A noisy rabblement of people came running up

Though I remember so plainly what passed on our last day in Milthorpe Manor-house, I am not very clear about our journey up to Yorkshire, which was tedious enough. We kept to the king's highway, and yet were sometimes put in much fear of thieves, but happily we fell in with none; the only notable thing that befell us was in leaving a little market town, I cannot call to mind its name, where we had stopped to dine. We had ridden but a little way forth of the town when we heard a great din of shouting and hooting behind us, which made us women afraid; and presently a noisy rabblement of people came running up. They were chiefly of the baser sort, both men and women, some very ragged, and some red-faced and half tipsy; one or two gentlemen in laced coats rode among them. I thought at first they had some spite at us, but it proved not so. We drew to the wayside to let them pass, and they went by, very disorderly, yelling and swearing, the women not less than the men, pushing and hauling some poor creature dragged along in their midst. I looked earnestly to see who it might be, and presently discerned the person—a tall thin man, in a kind of loose garment girded about him, and I think it was made of some hempen stuff, a kind of sacking. This man was very pale, with longish dark hair hanging about his face, which, as I say, was pale indeed, but not dismayed; I think he even smiled when one struck him on the head, and another, pushing him, bade him, with a curse, go faster. I saw the blood trickling a little from the blow that had alighted on his head, as they hurried him past.

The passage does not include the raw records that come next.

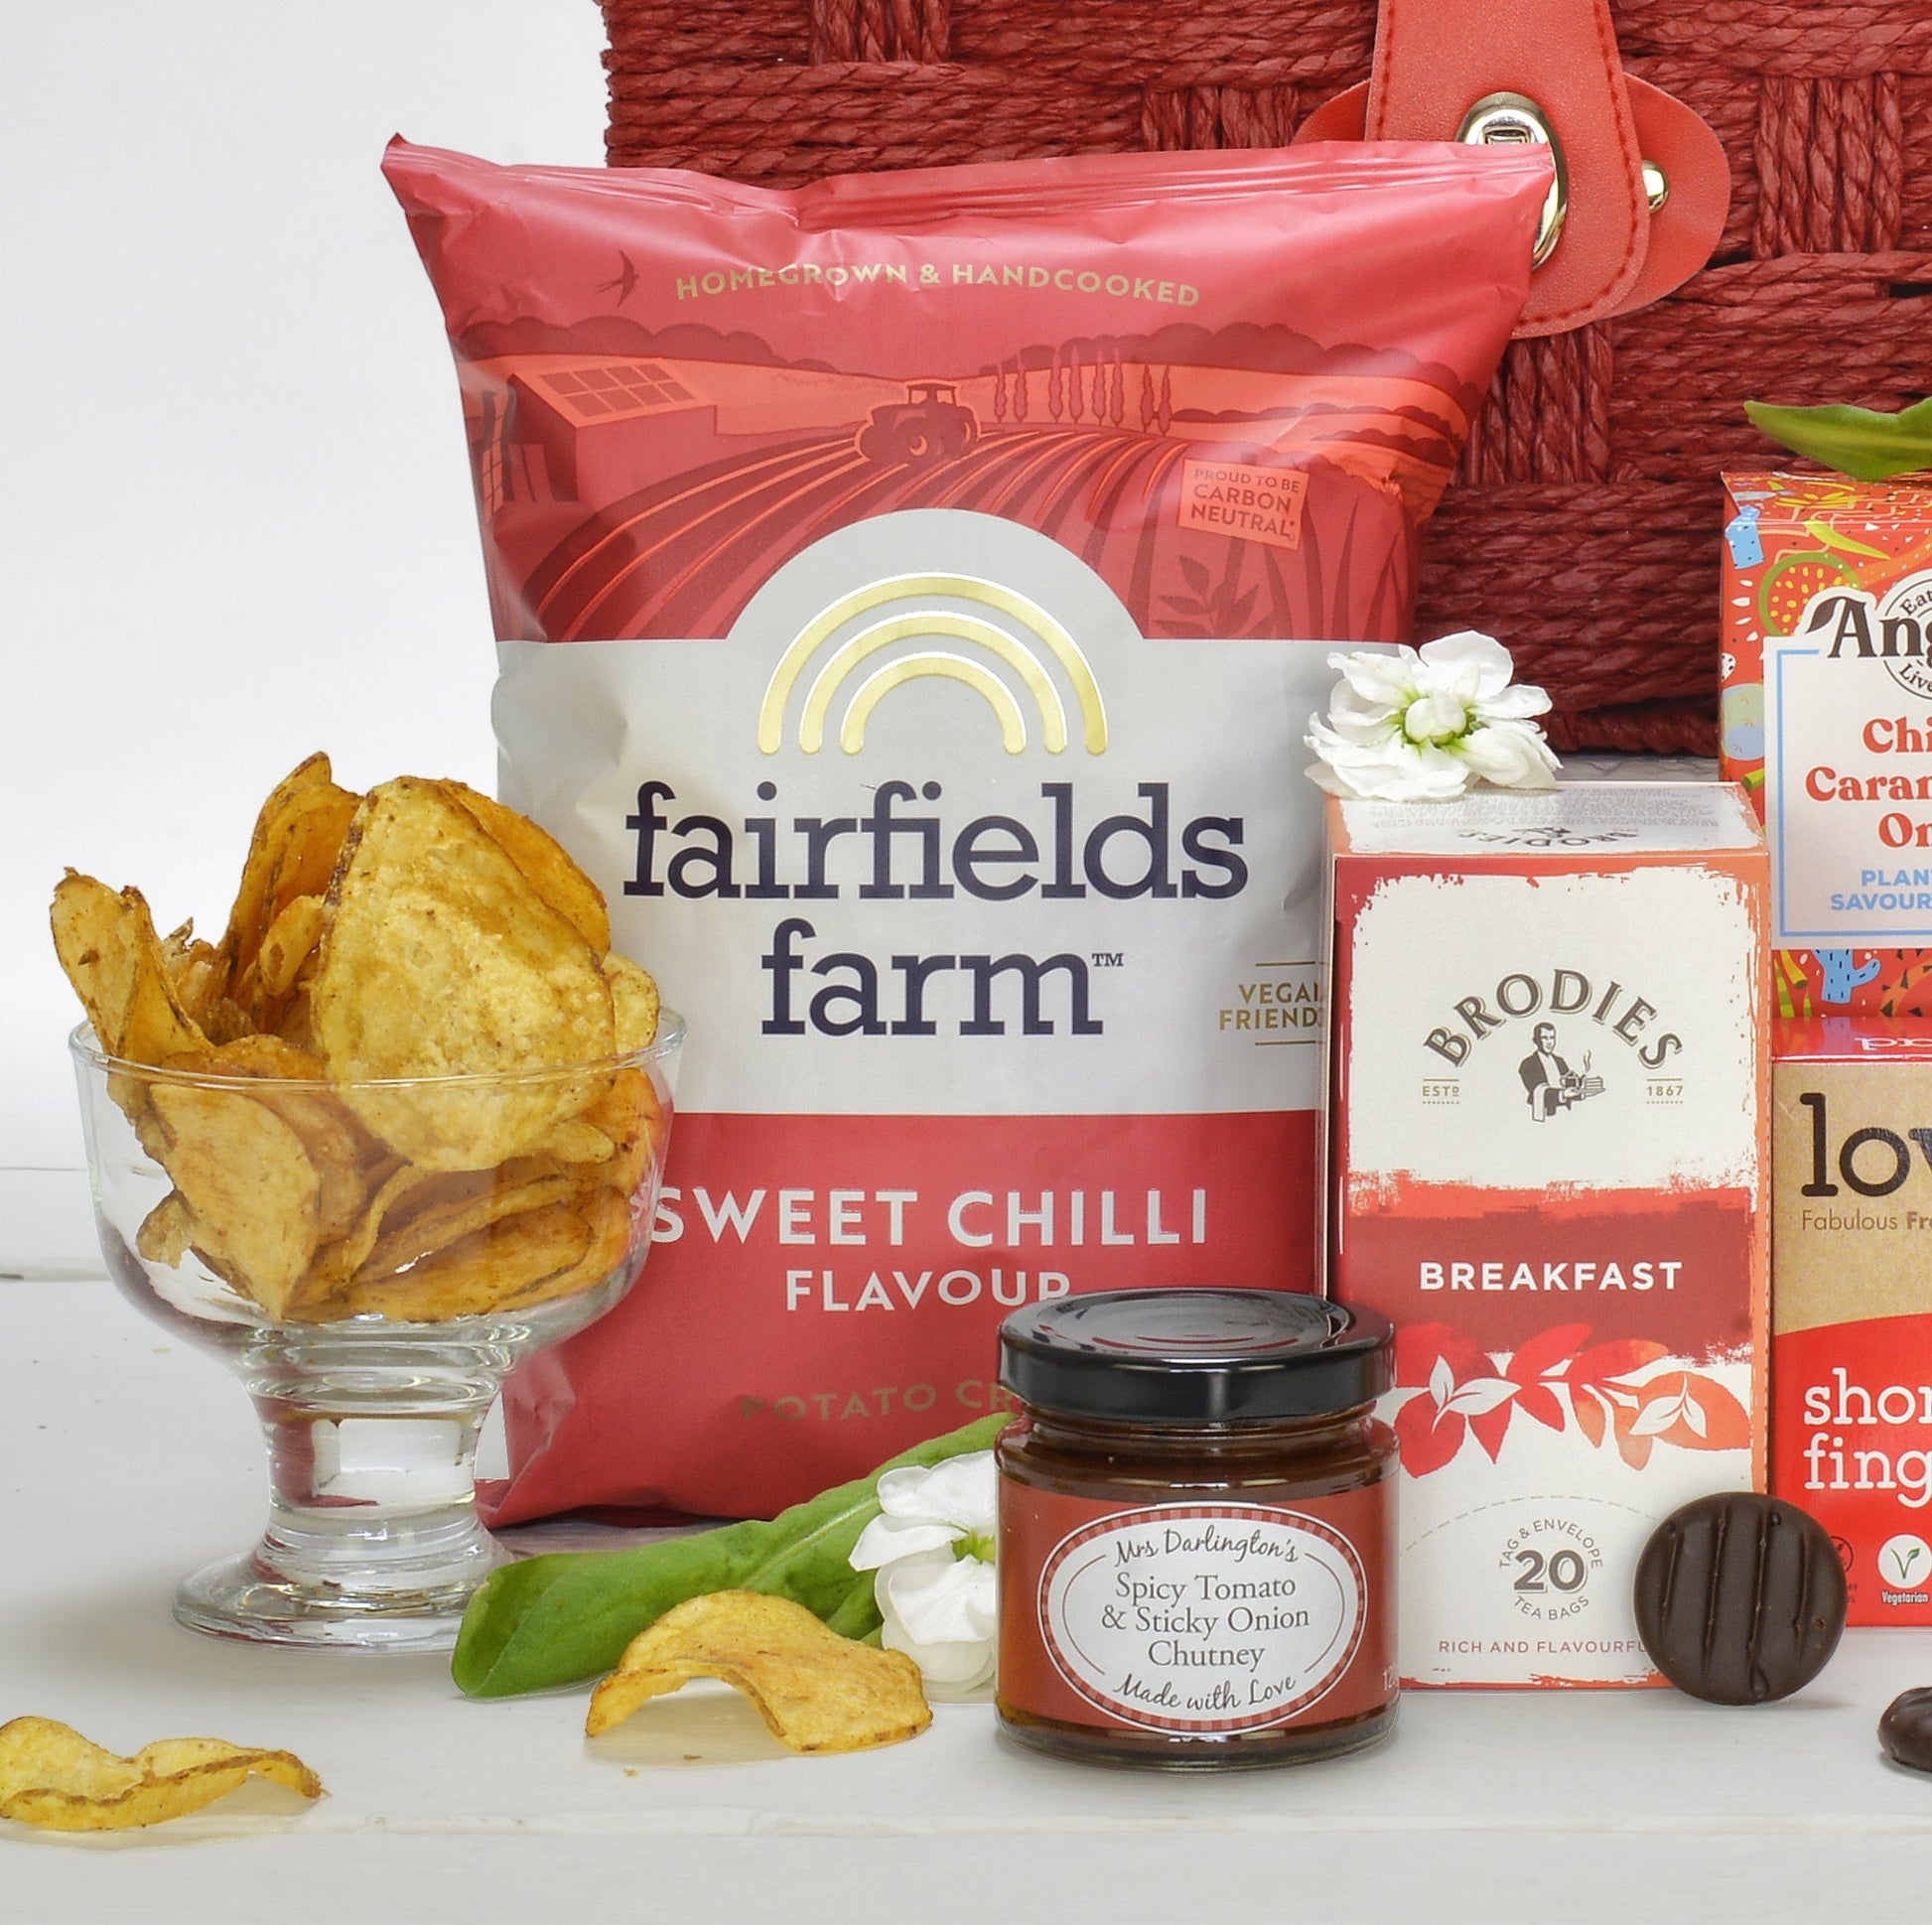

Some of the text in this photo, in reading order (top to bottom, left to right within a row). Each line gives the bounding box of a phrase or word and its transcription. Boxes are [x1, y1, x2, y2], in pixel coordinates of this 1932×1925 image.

[675, 262, 1200, 307] HOMEGROWN & HANDCOOKED
[1193, 484, 1292, 514] CARBON
[1194, 470, 1301, 493] PROUD TO BE
[1806, 596, 1932, 669] An
[622, 779, 1249, 899] fairfields
[1862, 870, 1932, 887] PLAN
[1423, 969, 1683, 1070] BRODIES
[1647, 1085, 1683, 1096] 1867
[651, 1187, 1206, 1248] SWEET CHILLI
[1802, 1208, 1932, 1230] Fabulous Fr
[1419, 1261, 1683, 1291] BREAKFAST
[740, 1384, 936, 1422] POTATO
[1115, 1524, 1299, 1568] Mrs Darlington's
[1499, 1519, 1603, 1569] TAG & ENVELOPE
[1115, 1572, 1297, 1606] Spicy Tomato
[1514, 1550, 1588, 1593] 20
[1514, 1595, 1589, 1620] TEA BAGS
[1881, 1590, 1929, 1606] Vegetarian
[1101, 1604, 1311, 1641] & Sticky Onion
[1149, 1639, 1265, 1672] Chutney
[1439, 1640, 1482, 1653] RICH
[1490, 1640, 1529, 1653] AND
[1114, 1673, 1297, 1711] Made with Love
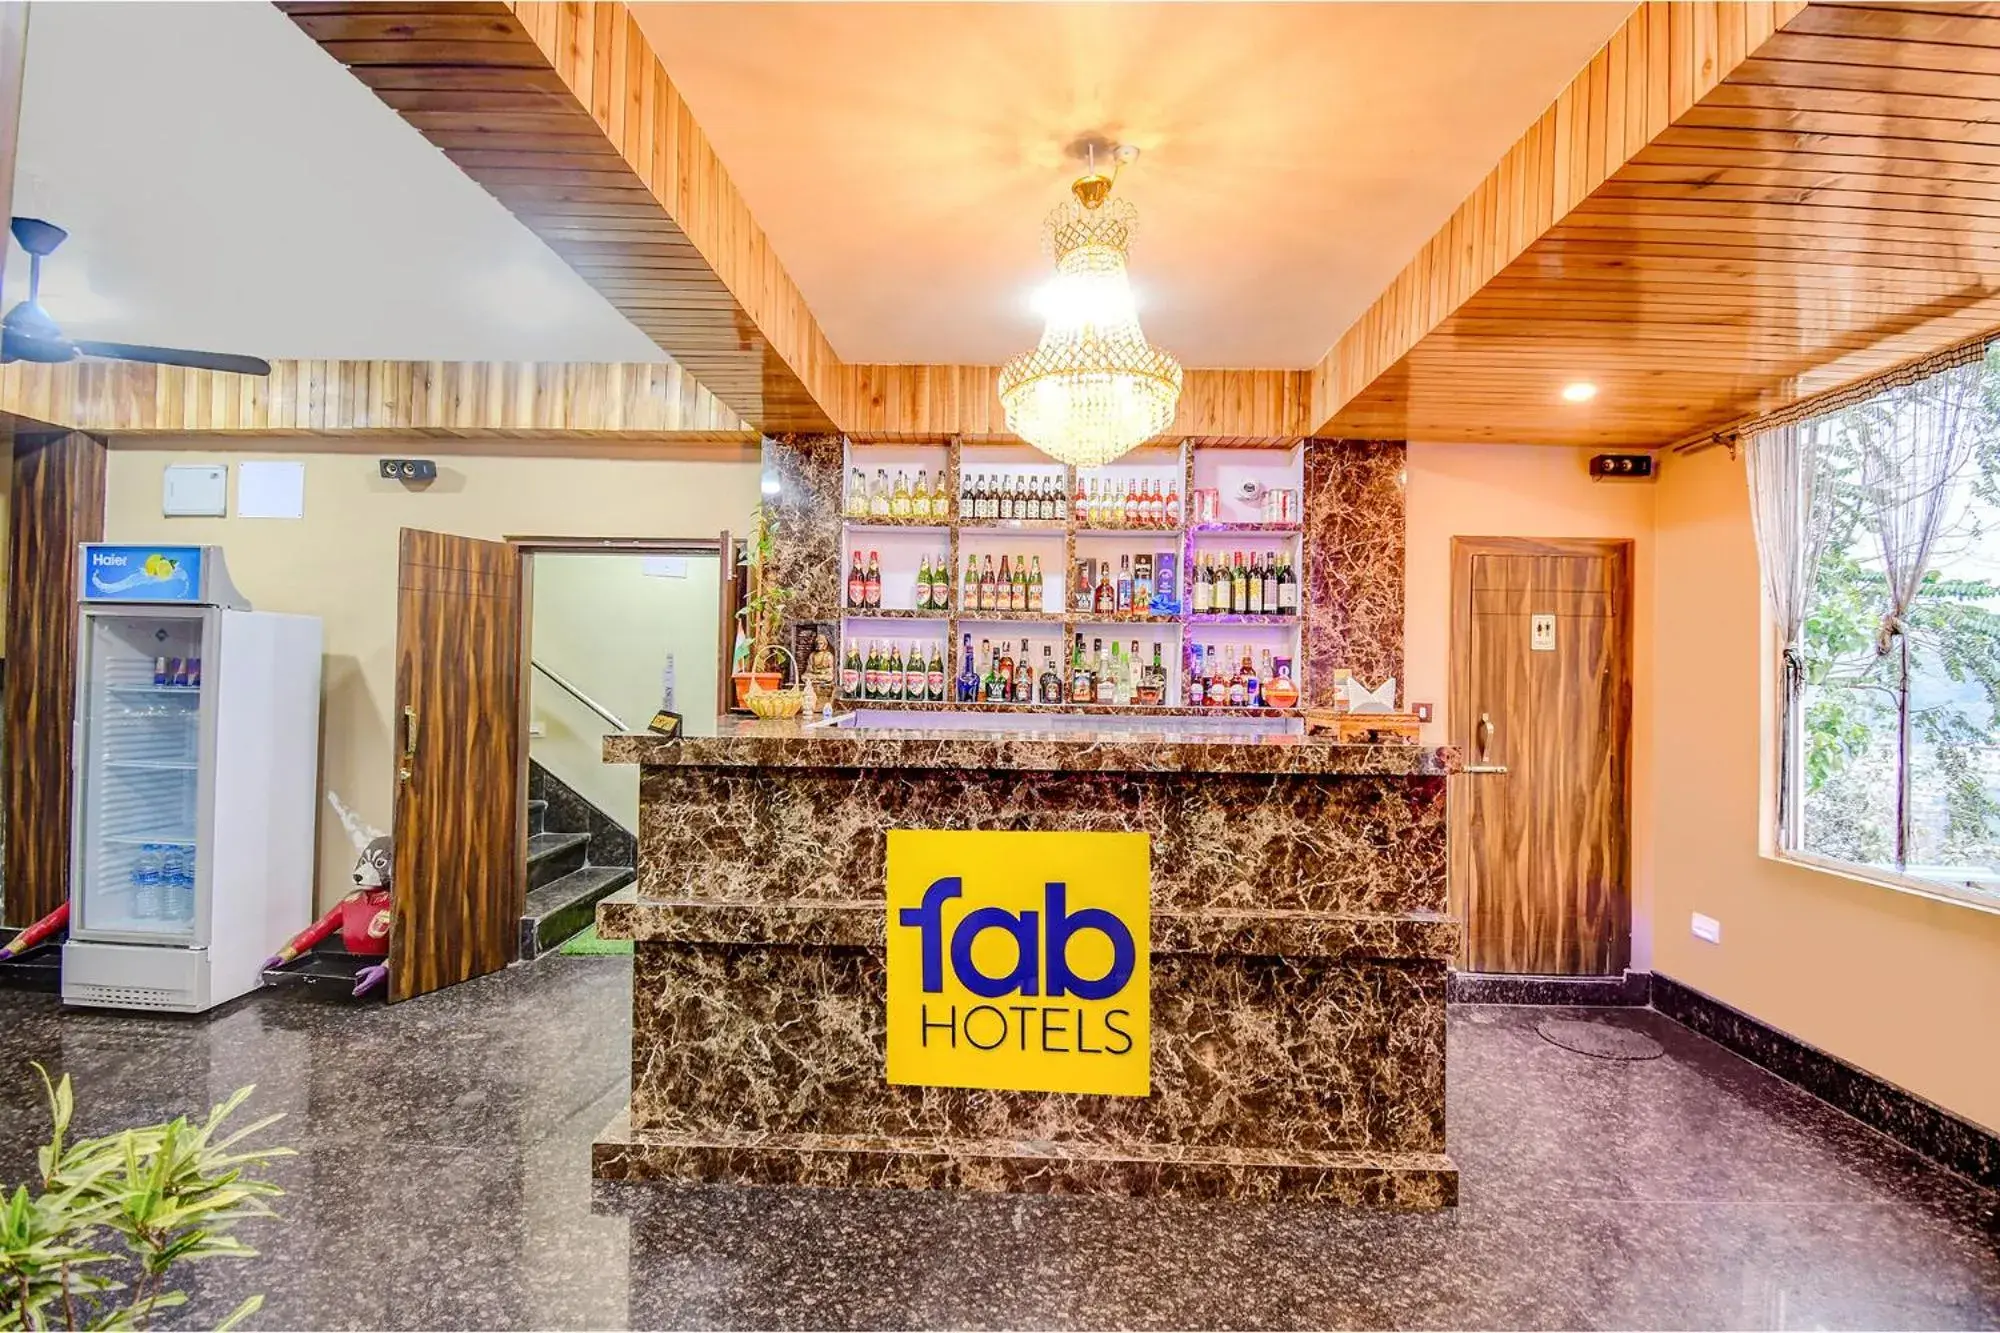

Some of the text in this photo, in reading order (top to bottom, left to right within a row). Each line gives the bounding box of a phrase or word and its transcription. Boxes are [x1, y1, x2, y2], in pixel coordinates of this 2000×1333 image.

[92, 553, 128, 567] Haier
[899, 876, 1136, 1000] fab
[922, 1004, 1133, 1055] HOTELS

Andrew, who saw all this as well as I did, looked full of horror. He caught one of the hindmost of the rabble by the sleeve and asked him harshly, 'What has this man done, and whither are you taking him?' At which the man, turning towards us his red, jovial face, replies,—

'It's a mad Quaker, that took upon him this noon to stand up in our market-place, it being market day and every one mighty busy, and he tells us all to our face we were a set of cheating rogues, that he had marked our doings and seen how bad they were, and that he had a commission from God to bid us repent and amend, or a sudden dreadful judgment should fall on us. Didst ever hear of such a fool?'

'And what more did he,' says Andrew, 'to make you handle him so roughly?' at which the man stared and said,—

'Nay, what more needed there? Matters are come to a pretty pass if free Englishmen, who are pleased to cheat and be cheated according to the fashion of this world, mayn't do so neighbourly and kindly without some canting rogue starting up to control them. We bade him hold his peace for a mad ass, but he would not. So we judged his frenzy to be something too hot, and that a cold bath were good to cure it; and Squire, riding up and seeing the bustle we were in, offered us his own duck-pond for the ducking of our preacher. Stay me no longer! I shall lose the best sport;' and Andrew snatching at him again to make him stay, he broke from him and ran as hard as he could after the crowd, that was now got some way from us.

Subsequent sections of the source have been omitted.